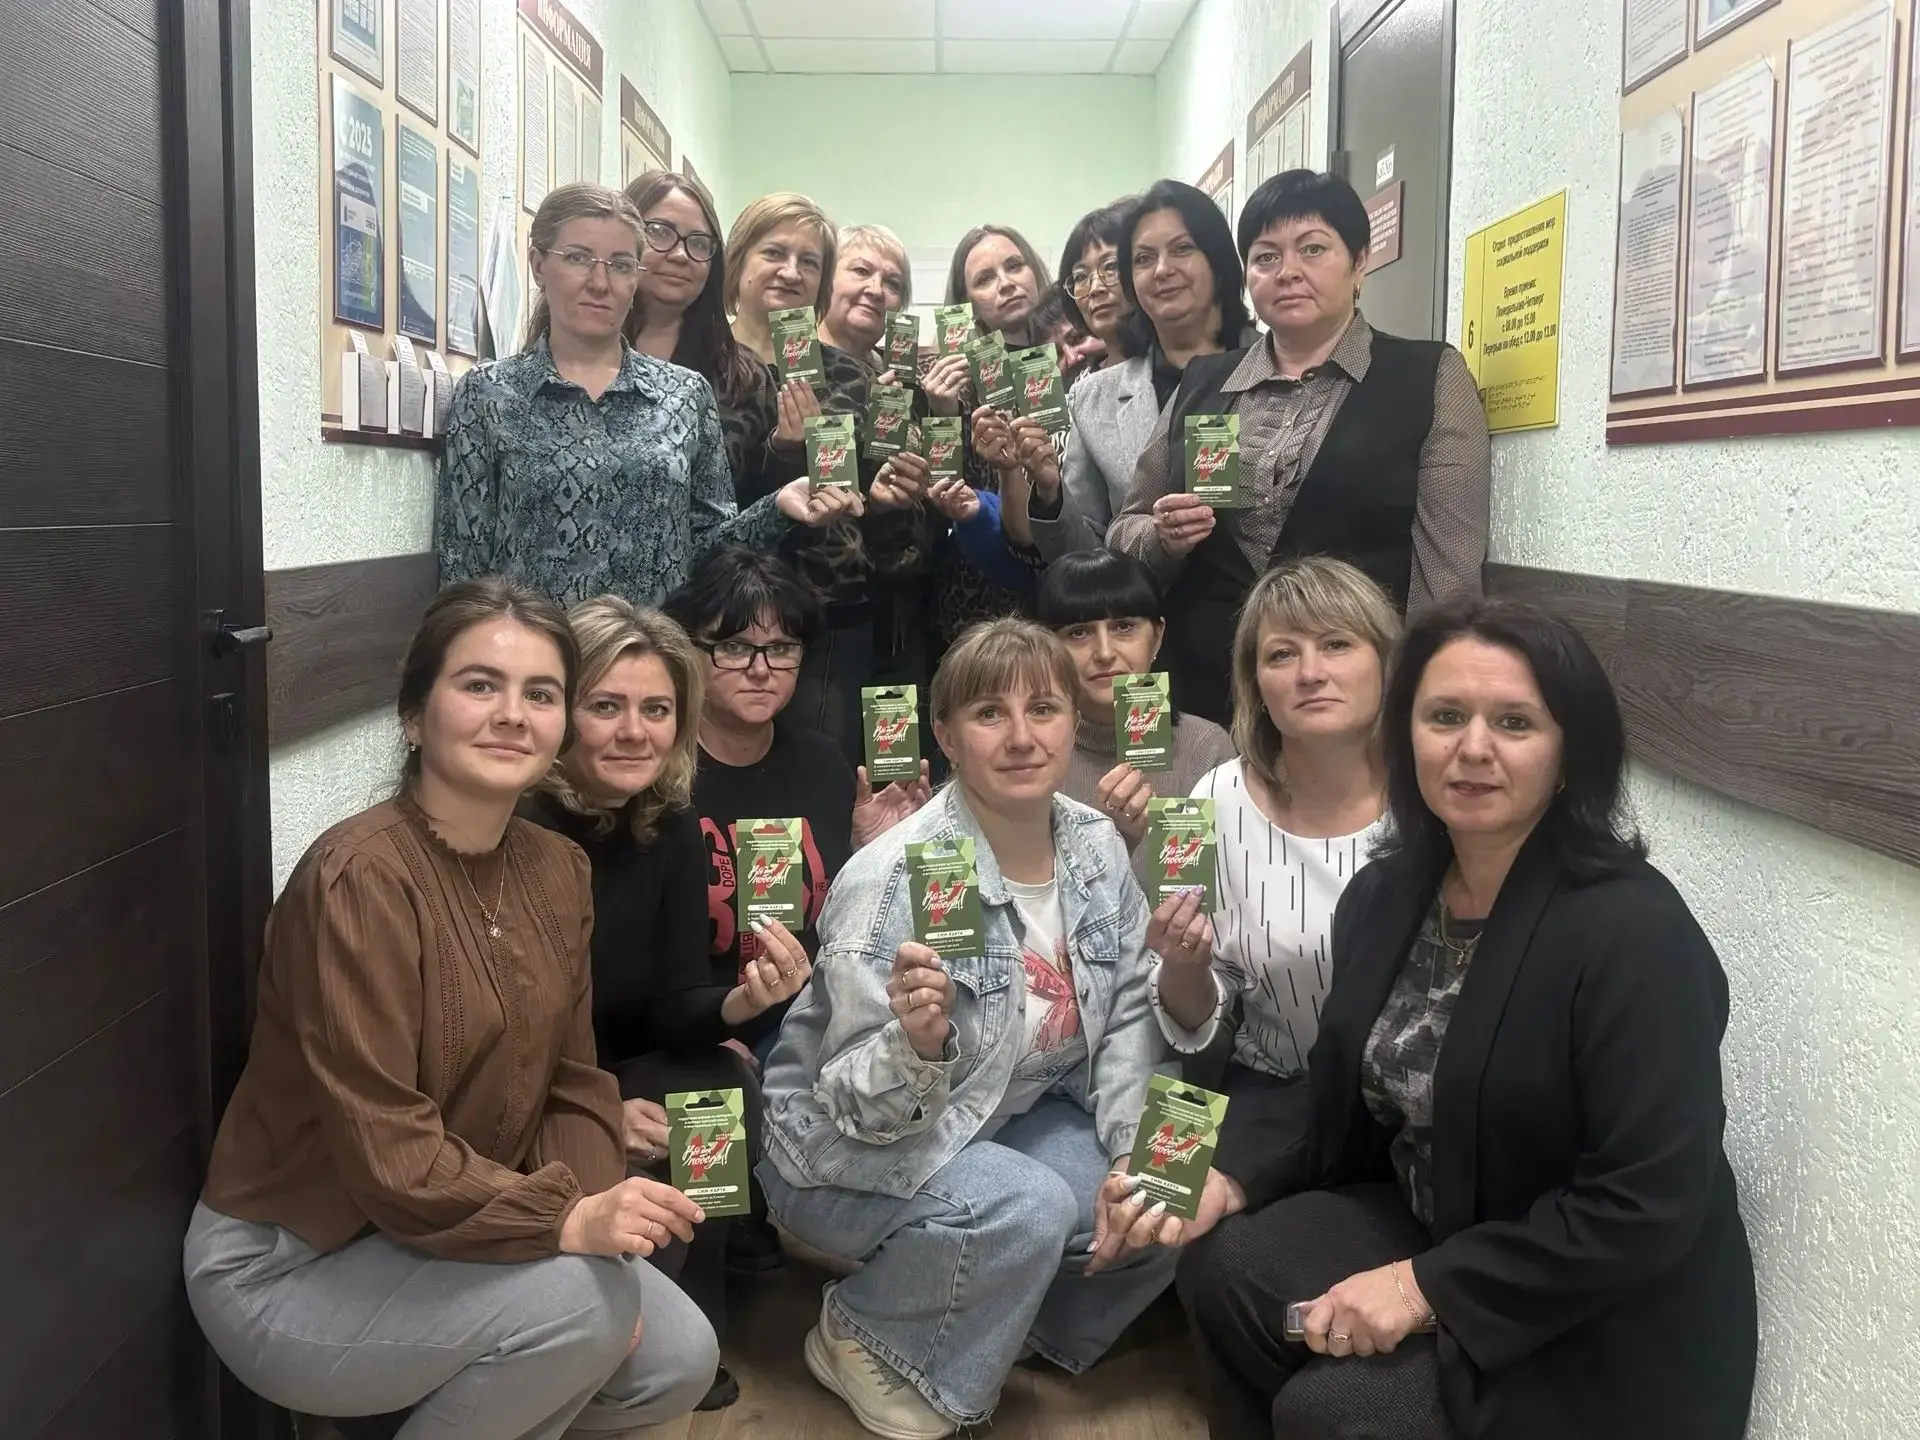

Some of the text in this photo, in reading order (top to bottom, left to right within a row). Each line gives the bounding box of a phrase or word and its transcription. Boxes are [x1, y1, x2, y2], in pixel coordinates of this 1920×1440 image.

[537, 0, 591, 70] ИНФОРМАЦИЯ
[348, 115, 372, 158] 2025
[1468, 319, 1474, 350] 6
[721, 859, 734, 888] DOPE
==============================
→ **Task directions**
Copy the entries above verbatim. Pictures do not belong in the copy.

→ **Exercise response**
Some of the text in this photo, in reading order (top to bottom, left to right within a row). Each line gives the bounding box of a phrase or word and its transcription. Boxes are [x1, y1, x2, y2], in pixel coordinates of this 1920×1440 image.

[537, 0, 591, 70] ИНФОРМАЦИЯ
[348, 115, 372, 158] 2025
[1468, 319, 1474, 350] 6
[721, 859, 734, 888] DOPE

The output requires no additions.